The pro-Lam protesters shouted slogans such as “Overthrow the CCP; kick out the Youth Care Association” and held signs condemning the attempt by pro-CCP organizations to silence Lam.

There were complaints of abuse by the police. Jiu Hun Chung, the spokesman for Hong Kong Front, after being detained in what police later termed a “misunderstanding,” said: “Hong Kong is becoming more and more like mainland China. Police should be enforcing the laws, not kicking and yanking ordinary people.”

Legislative Council member Albert Chan said that he had received complaints accusing the police of beating people and would ask for an official explanation.

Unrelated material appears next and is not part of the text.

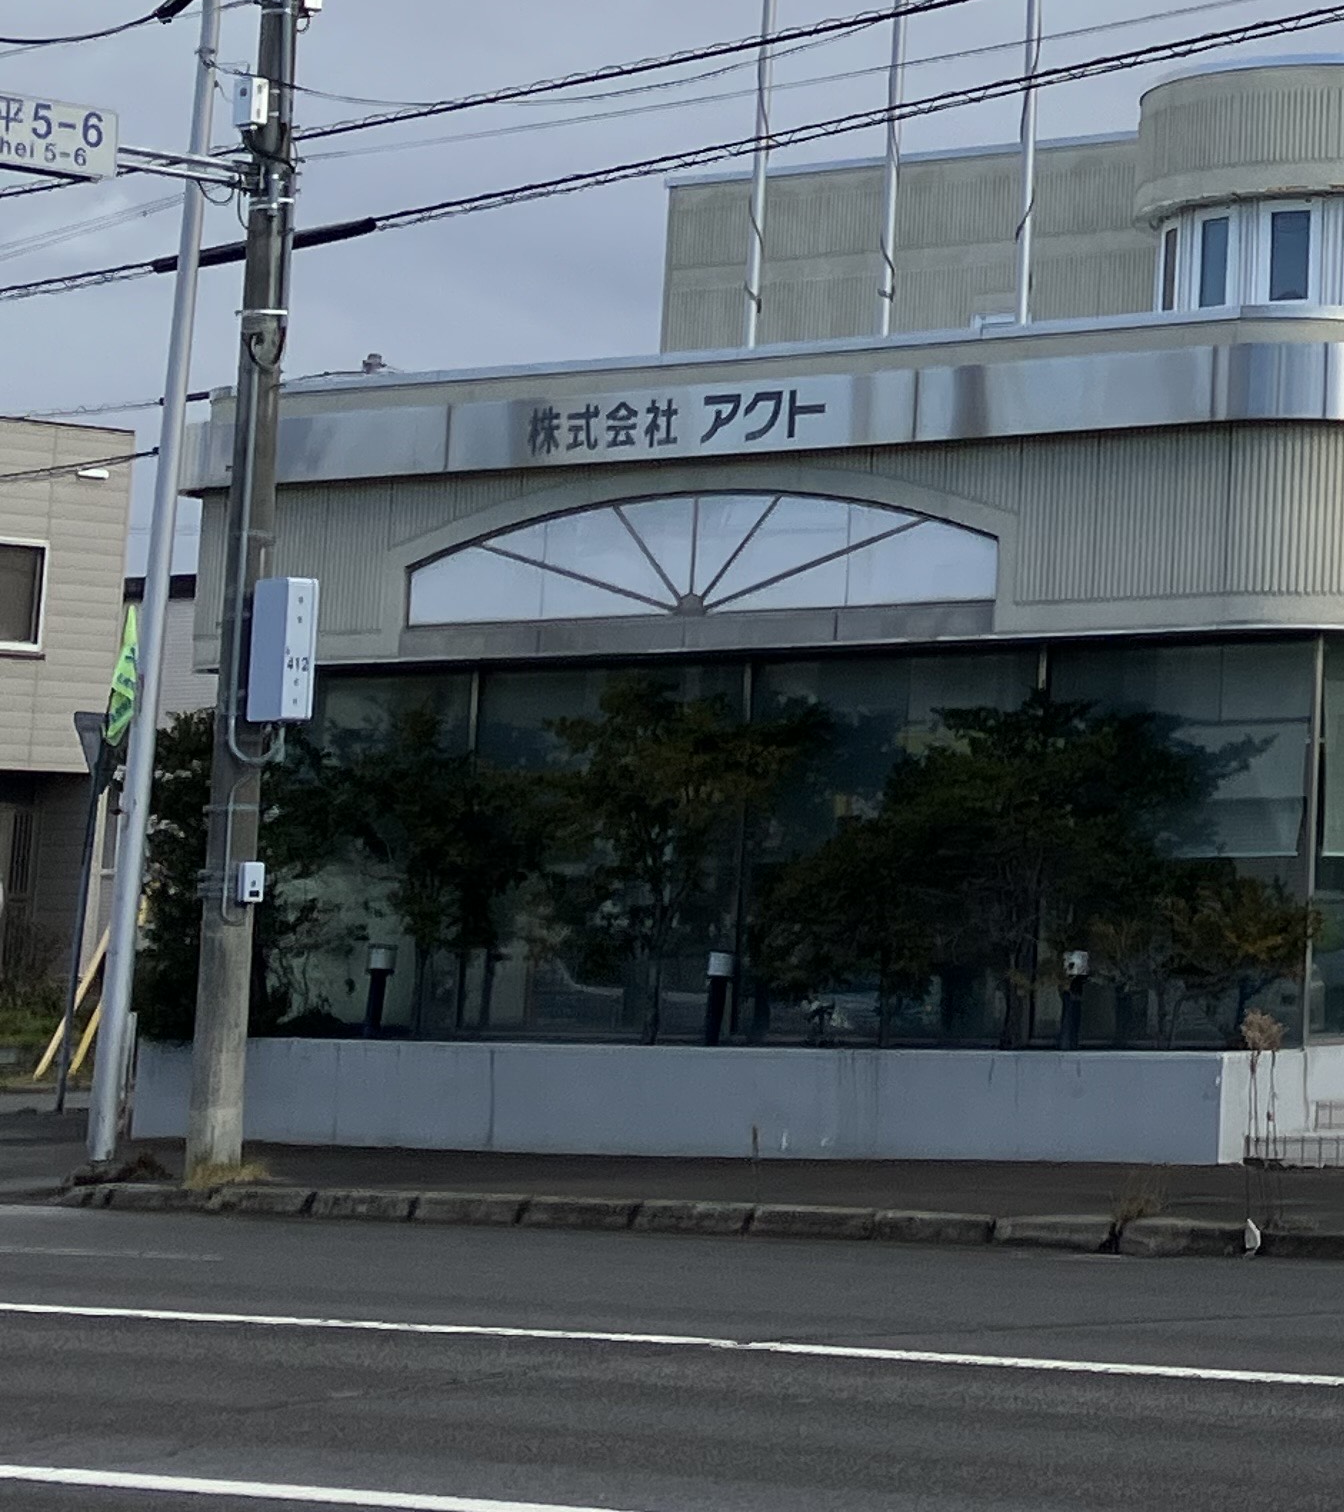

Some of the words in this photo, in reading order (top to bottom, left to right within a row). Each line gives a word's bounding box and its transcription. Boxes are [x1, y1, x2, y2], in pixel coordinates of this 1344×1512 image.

[527, 398, 679, 455] 株式会社
[700, 389, 826, 444] アクト

Chan said that over the past year, the Hong Kong Youth Care Association has bullied Falun Gong practitioners and used “despicable methods” to suppress them.

The Youth Care Association is known in Hong Kong as a CCP front group that began harassing Falun Gong practitioners in June 2012. For 10 months the association blanketed Hong Kong with banners slandering Falun Gong in terms drawn from CCP propaganda.

In April 2013, the association was forced to take down the banners it had affixed throughout the city, but it has continued harassing the practitioners. On July 14, the association used hand-held banners in an attempt to wall off practitioners at a table on Mong Kok Street so that the public could not see them or speak to them. The police stood by without taking action, as they have mostly done in the face of the association’s aggression.

“Nowadays, the police are neglecting justice, and people are feeling the gradual death of Hong Kong’s judicial system; it cannot stay this way,” Chan said.

Legislative Council member Leung Yiujung told the Epoch Times that relatives of police officers had said that the police were instructed by their superiors not to enforce the law.

“It turns out that the superiors gave them guidelines that whenever they received complaints related to the [offenses by the] Hong Kong Youth Care Association or [reports of those offenses by] Epoch Times, they should turn a blind eye and ignore them,” Leung said. "These are political guidelines used to suppress those viewed by the government as dissident groups and individuals. "

Leung said he would call for an investigation into why the police have condoned the behavior of the Youth Care Association.